Le lendemain, mardi, après un desayuno de géant (poulet, patates, oeufs…), direction Sigchos, ville haut perchée. On descend, puis on monte sec. Les Andes quoi. Nous arrivons dans la ville sur les coups de midi. Elle est déserte, un tantinet glauque (juste des chiens, encore et toujours), aussi nous décidons de pousser plus loin, direction Chugchilan, à 25 km. 

Nous ferons une halte dans une petite épicerie de bord de route, achèterons du thon et des œufs pour pique-niquer dans un bout de jardin qu'une famille nous laisse volontiers squatter, près des poules, au milieu des crottes de chèvre. 

Nous sommes fourbus quand nous atteignons Chugchilan, en fin de journée. On décide de passer la nuit au Forest Cloud Lodge, pension familiale douillette tenue par José et Patricia, fine cuisinière. Le soir, à table, la famille regarde le feuilleton à la mode (sorte de "Plus belle la vie" équatorienne) et nous nous régalons d'une divine soupe aux légumes du jardin et d'un grand plat de pâtes. José papote avec nous : pour gagner la lagune du Quilotoa, notre objectif du lendemain, il nous conseille de ne pas suivre la route, mais un autre itinéraire, habituellement réservé aux randonneurs. Il attrape une petite carte et griffonne quelques indications dessus. Nous allons nous coucher dans le lit recouvert de plaids fluos : c'est décidé, demain nous suivrons le conseil de José. Laissez-moi vous dire que nous allons en baver… 

Une belle assiette de fruits exotiques au petit-déjeuner! Joie ! Je me jette dessus tandis que Baudouin la toise, la mine blême. Il reprend des couleurs quand arrivent les œufs et les saucisses. 

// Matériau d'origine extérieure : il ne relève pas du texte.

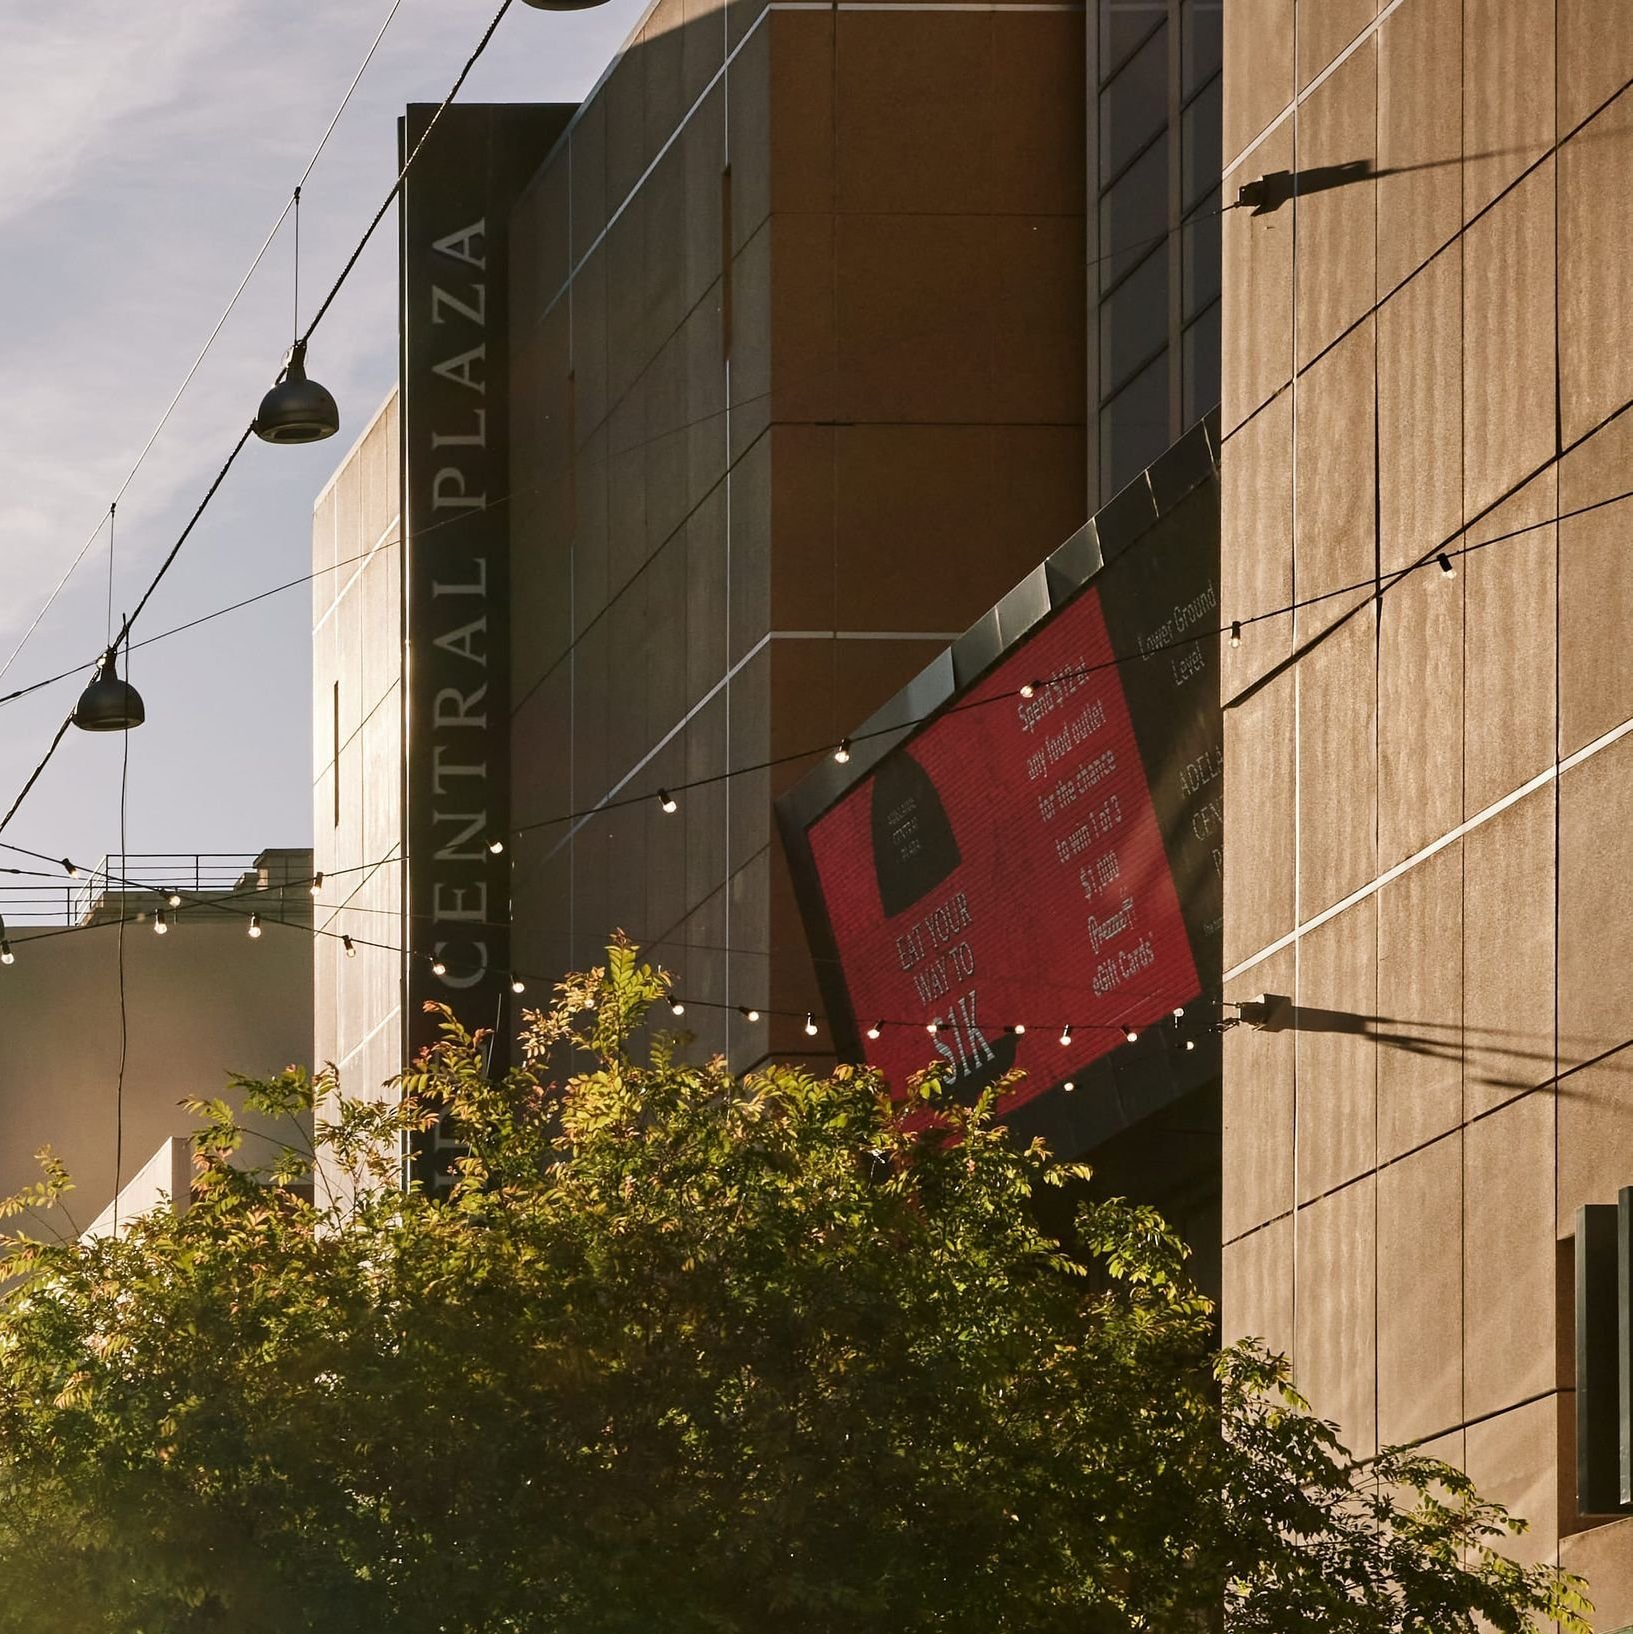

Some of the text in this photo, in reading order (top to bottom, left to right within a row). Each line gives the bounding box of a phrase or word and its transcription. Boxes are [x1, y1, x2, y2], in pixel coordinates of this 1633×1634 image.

On enfourche nos vélos, on passe l'église, la bibliothèque sur la gauche et zou, on descend le petit chemin de terre indiqué par José. On dévale, les mains crispées sur les freins. Le soleil tape. Tiens, le petit chien de l'hôtel nous suit ! Après pas mal de descente au milieu des herbes folles, Baudouin, son téléphone à la main et sa chère application Osmand sous les yeux, me prévient : "ça va faire mal."

S'en suivent plusieurs heures de montée dans le sable et les cailloux, sous la cagnasse. C'est dur… on tente le raccourci indiqué, au milieu des grandes fleurs et des broussailles : impossible ! Ça monte trop, la végétation est trop dense, on ne peut même pas pousser nos vélos. On rebrousse chemin et on reprend la petite route de terre. Quelle ascension ! Le petit chien nous suit toujours et nous lui jetons un oeil noir lorsqu'il se cache quand d'autres chiens nous courrent après… Poltron ! 

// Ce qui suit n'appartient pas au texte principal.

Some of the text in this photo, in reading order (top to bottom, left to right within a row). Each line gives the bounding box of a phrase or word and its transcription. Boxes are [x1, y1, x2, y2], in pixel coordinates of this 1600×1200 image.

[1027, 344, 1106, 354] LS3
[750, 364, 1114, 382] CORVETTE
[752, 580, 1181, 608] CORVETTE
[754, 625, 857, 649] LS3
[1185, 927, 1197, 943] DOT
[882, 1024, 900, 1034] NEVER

On se décourage plus d'une fois. Mais il faut continuer, monter… Passer la Moya alta, le lieu-dit indiqué par José. Nous reprenons notre souffle et une gorgée de coca tiède, un âne passe en trottant, suivi d'un scooter chargé de fagots de foin. 

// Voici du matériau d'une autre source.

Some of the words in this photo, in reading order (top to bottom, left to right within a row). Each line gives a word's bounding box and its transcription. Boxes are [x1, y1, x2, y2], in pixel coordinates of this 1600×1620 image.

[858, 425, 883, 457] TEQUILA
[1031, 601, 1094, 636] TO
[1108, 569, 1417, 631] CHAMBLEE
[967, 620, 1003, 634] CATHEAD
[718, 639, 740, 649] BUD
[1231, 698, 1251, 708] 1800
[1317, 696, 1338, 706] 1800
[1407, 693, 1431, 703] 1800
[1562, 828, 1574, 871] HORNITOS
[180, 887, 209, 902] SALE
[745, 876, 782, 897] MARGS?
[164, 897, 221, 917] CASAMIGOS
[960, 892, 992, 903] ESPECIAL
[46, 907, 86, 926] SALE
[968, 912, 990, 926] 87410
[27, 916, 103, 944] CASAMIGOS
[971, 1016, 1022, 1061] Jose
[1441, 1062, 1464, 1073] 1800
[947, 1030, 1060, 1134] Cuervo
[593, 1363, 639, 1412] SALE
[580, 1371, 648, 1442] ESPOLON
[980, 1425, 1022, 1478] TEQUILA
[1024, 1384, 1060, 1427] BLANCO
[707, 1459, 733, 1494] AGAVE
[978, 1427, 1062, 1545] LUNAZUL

Enfin, nous atteignons la route. Nous nous arrêtons à l'arrêt de bus. Un autocar aussi. Une femme en tenue andine traditionnelle (longue natte, chapeau de feutre, pull rose ou rouge, jupe, collants de laine blanc) descend, perchée sur de hauts escarpins, les bras pleins d'épis de mais. Improbable ! Pas de bus pour nous mais encore quelques kilomètres comprenant une belle descente et une montée d'un peu moins d'un kilomètre. Certes, nous avons retrouvé l'asphalte, mais le paysage est désertique et la fatigue commence à se faire sentir. Nous poussons les vélos. Tous les dix mètres, je m'arrête pour reprendre ma respiration. Que c'est lourd ! Moi qui pédalais en pleine forme la veille, je n'en mène pas large. A un endroit, la route est carrément éventrée, donnant sur… le vide. La conséquence d'un tremblement de terre ? 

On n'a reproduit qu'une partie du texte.